**YOUR INSTRUCTIONS:**
Except for the pictures, write out all the records that follow exactly.

**EXCERPTED DATA:**

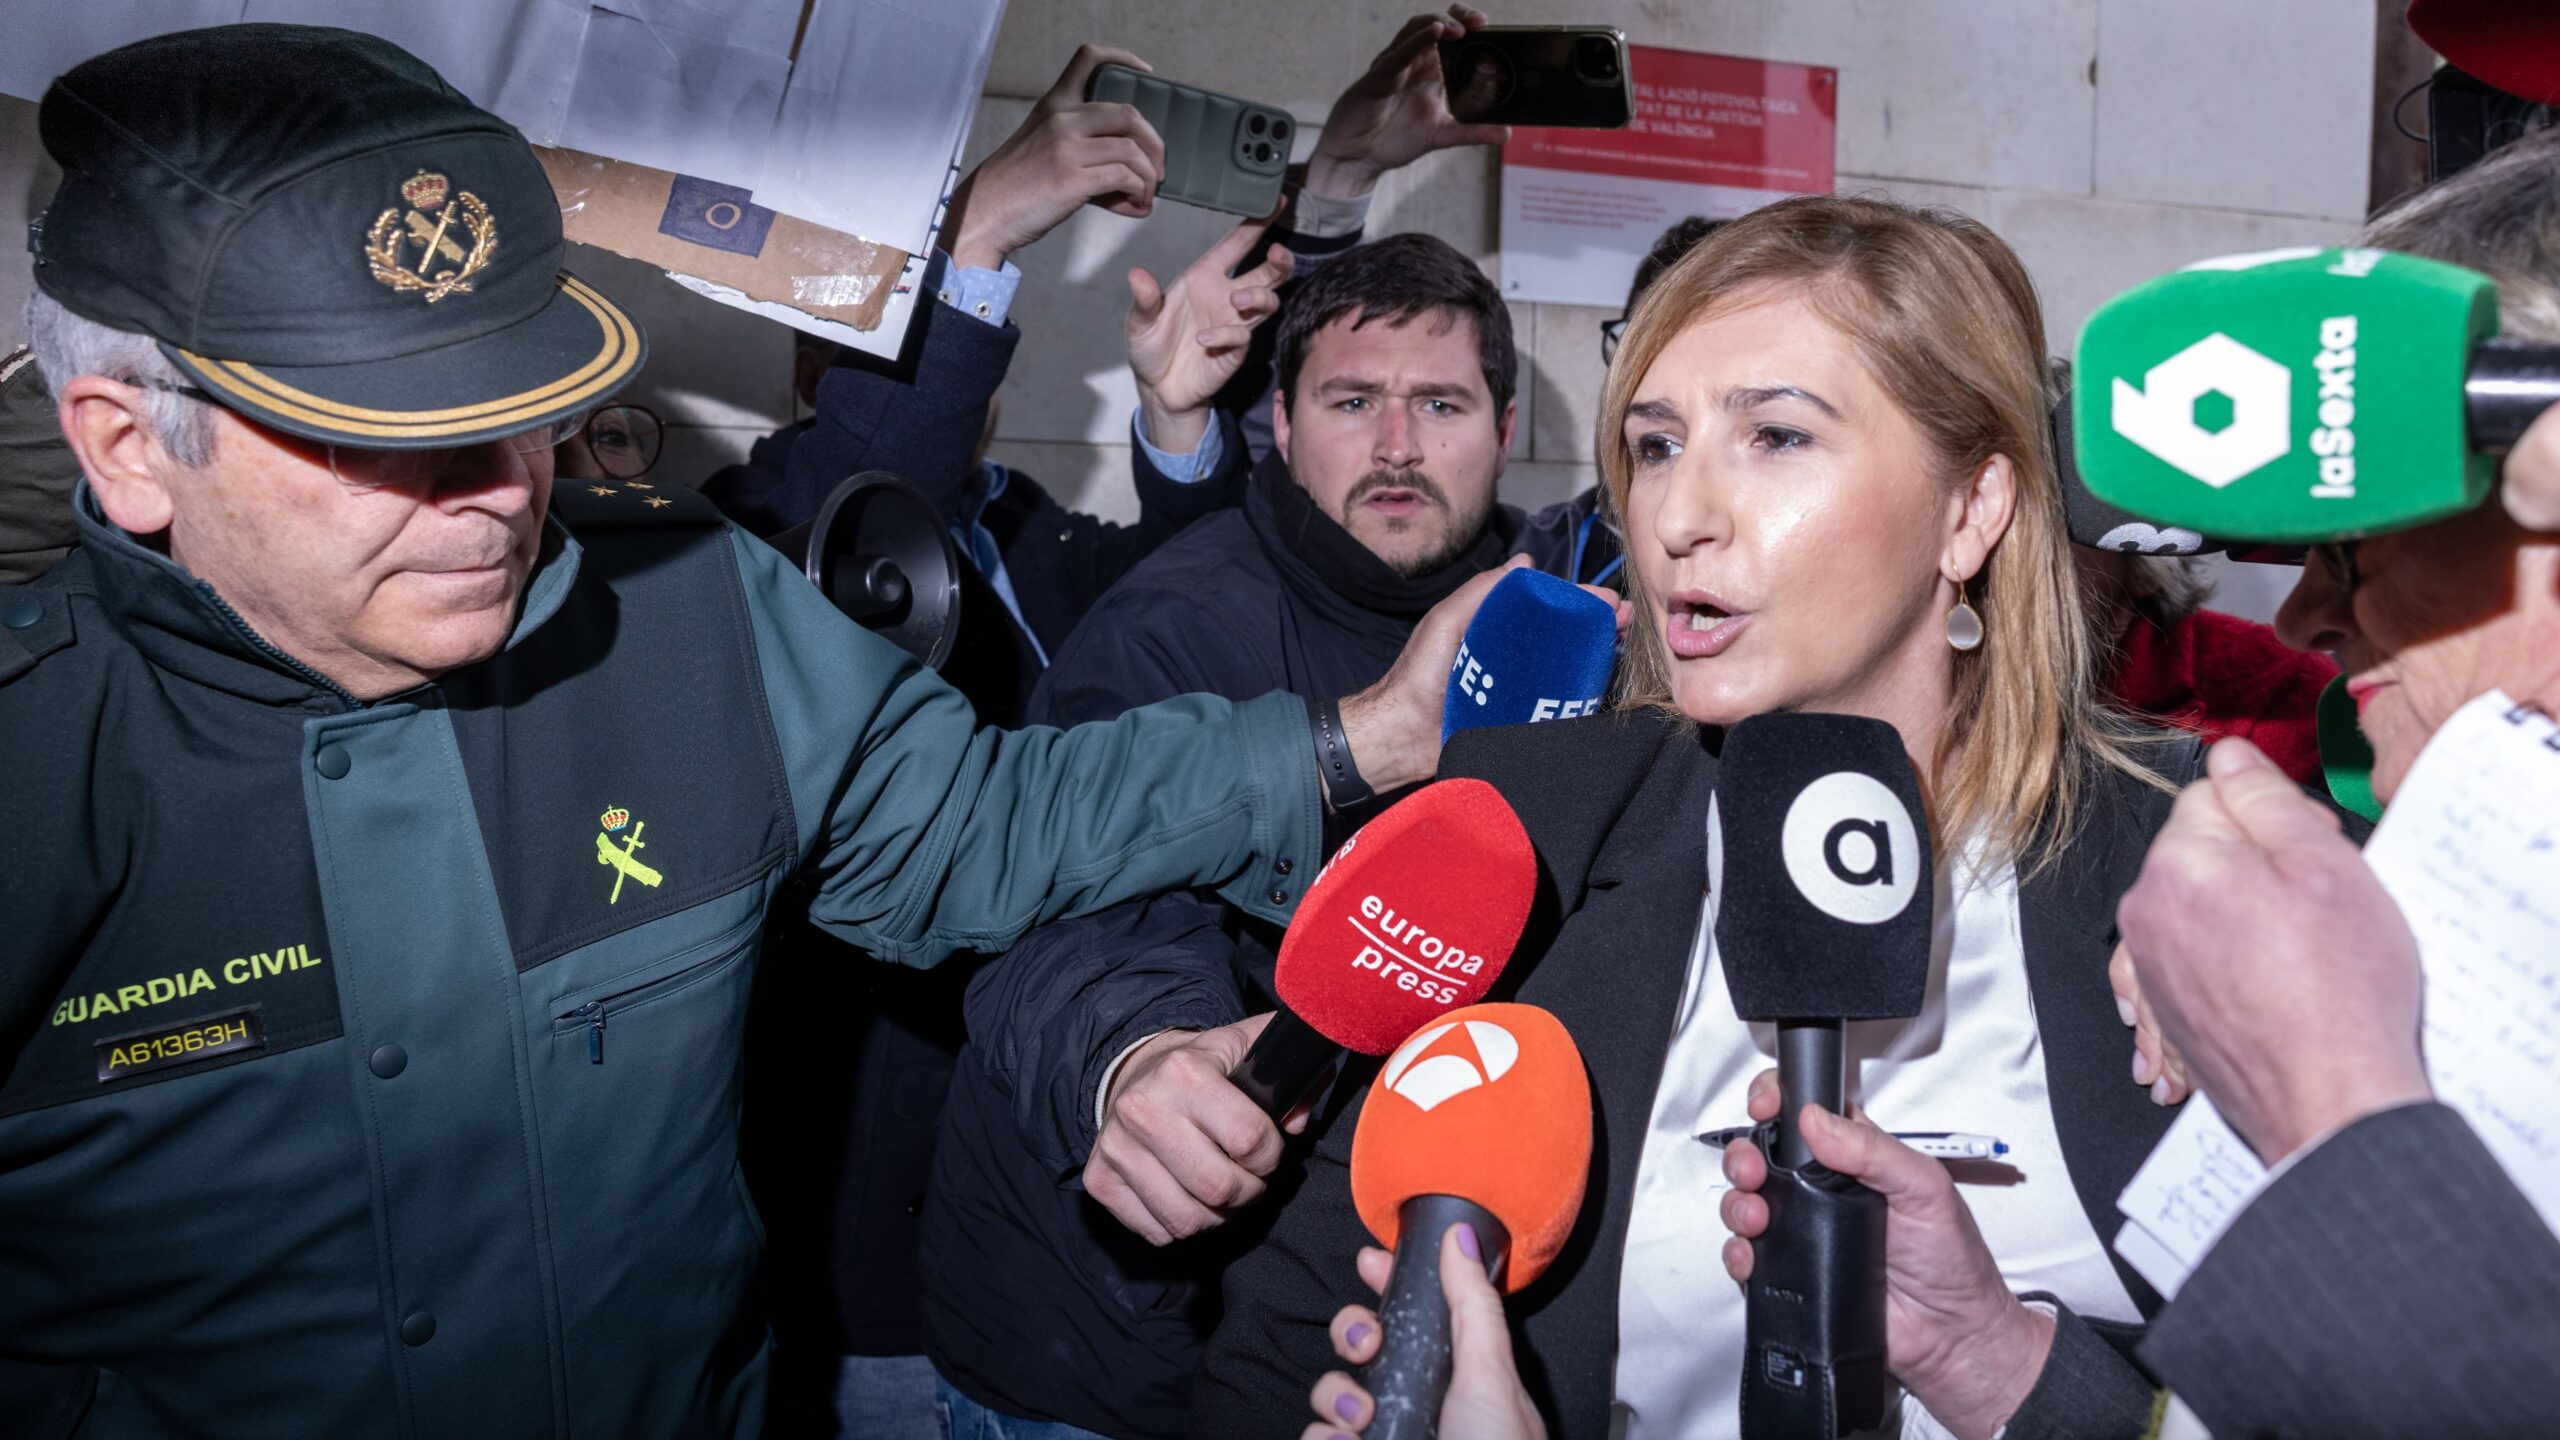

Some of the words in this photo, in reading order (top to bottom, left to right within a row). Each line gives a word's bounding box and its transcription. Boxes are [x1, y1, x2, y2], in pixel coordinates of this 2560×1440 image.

[2310, 315, 2358, 498] laSexta
[1823, 817, 1894, 886] a
[1360, 895, 1484, 975] europa
[51, 967, 217, 1027] GUARDIA
[223, 944, 322, 985] CIVIL
[1351, 945, 1460, 1004] press
[108, 1019, 248, 1070] A61363H
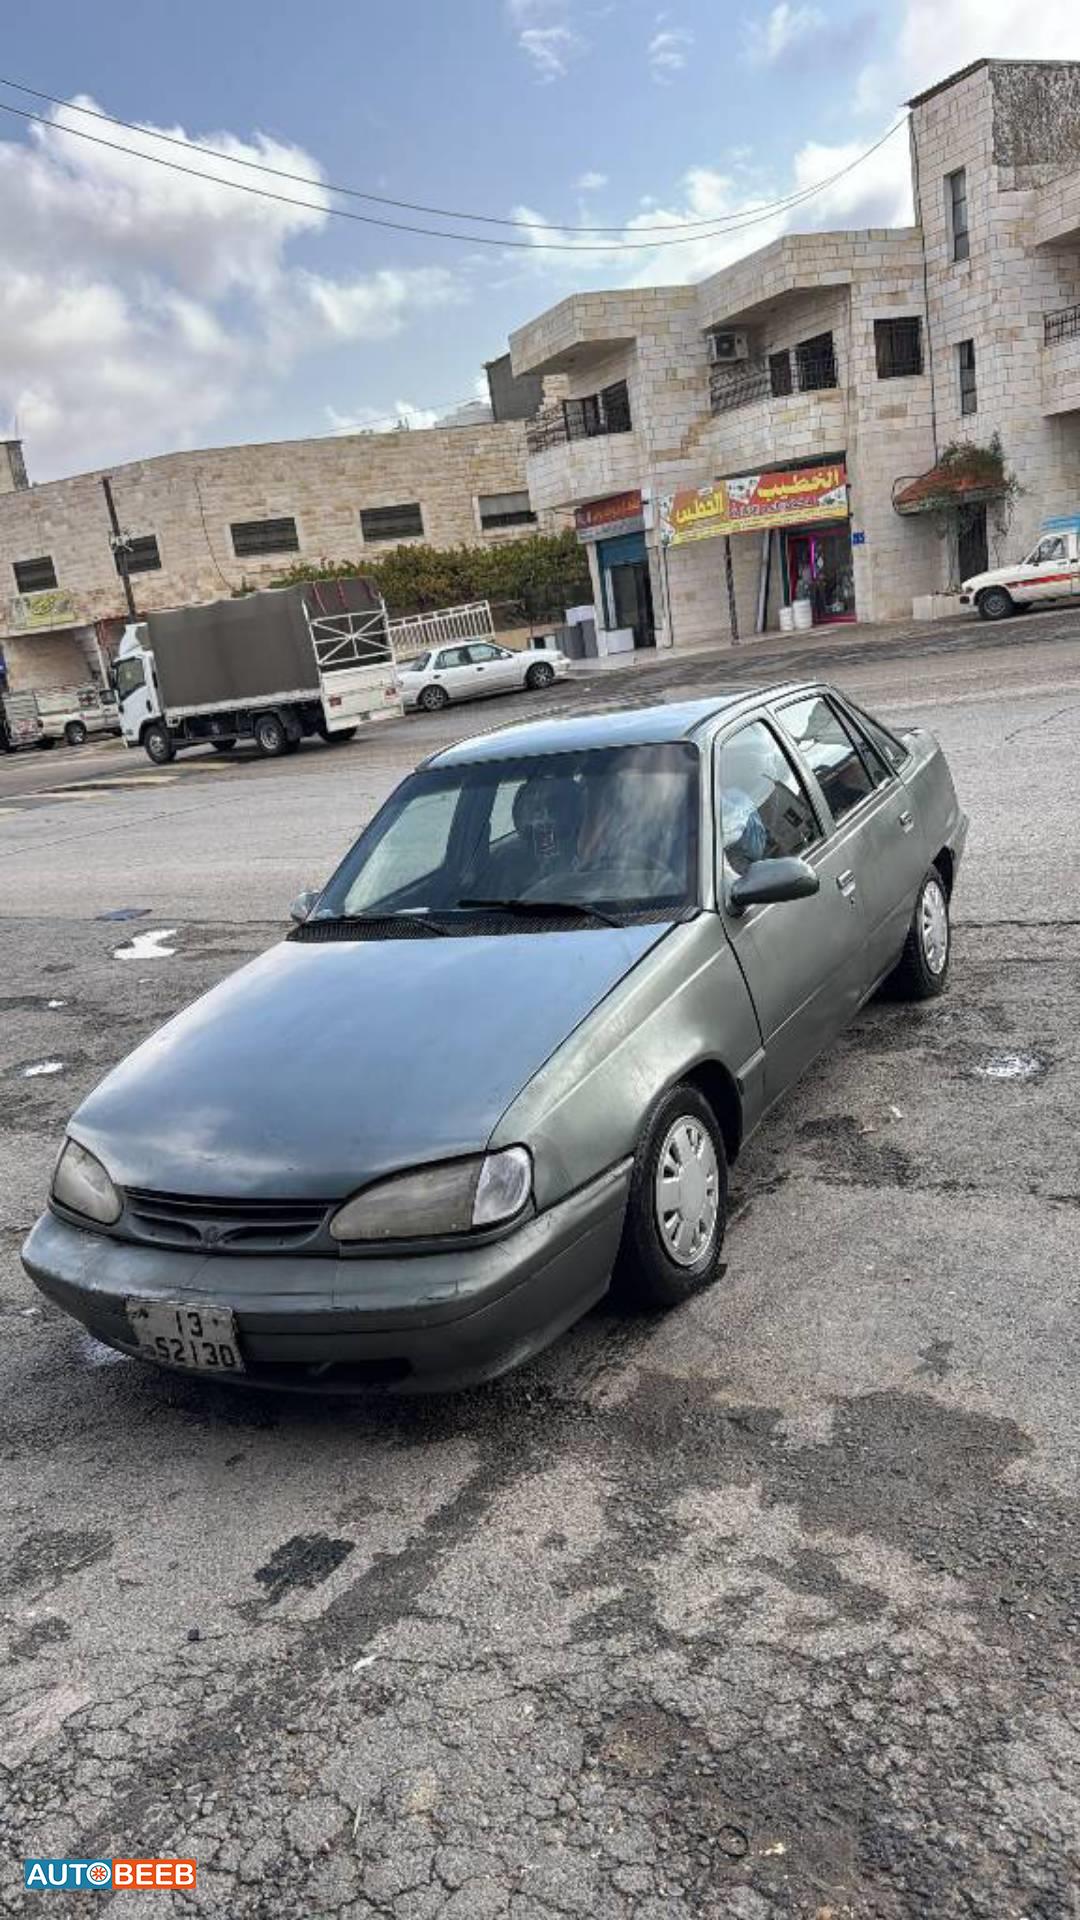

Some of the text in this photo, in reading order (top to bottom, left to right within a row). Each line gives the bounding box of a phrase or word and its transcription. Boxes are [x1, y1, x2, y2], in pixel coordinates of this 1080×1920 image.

[756, 470, 839, 501] الخطيب
[175, 1310, 203, 1338] 13
[155, 1336, 236, 1368] 52130

**ANSWER:**
Some of the words in this photo, in reading order (top to bottom, left to right within a row). Each line gives a word's bounding box and its transcription. Boxes are [x1, y1, x2, y2], in pixel coordinates of this 2560×1440 image.

[2310, 315, 2358, 498] laSexta
[1823, 817, 1894, 886] a
[1360, 895, 1484, 975] europa
[51, 967, 217, 1027] GUARDIA
[223, 944, 322, 985] CIVIL
[1351, 945, 1460, 1004] press
[108, 1019, 248, 1070] A61363H

Some of the text in this photo, in reading order (top to bottom, left to right within a row). Each line gives the bounding box of a phrase or word and its transcription. Boxes are [x1, y1, x2, y2], in pixel coordinates of this 1080×1920 image.

[756, 470, 839, 501] الخطيب
[175, 1310, 203, 1338] 13
[155, 1336, 236, 1368] 52130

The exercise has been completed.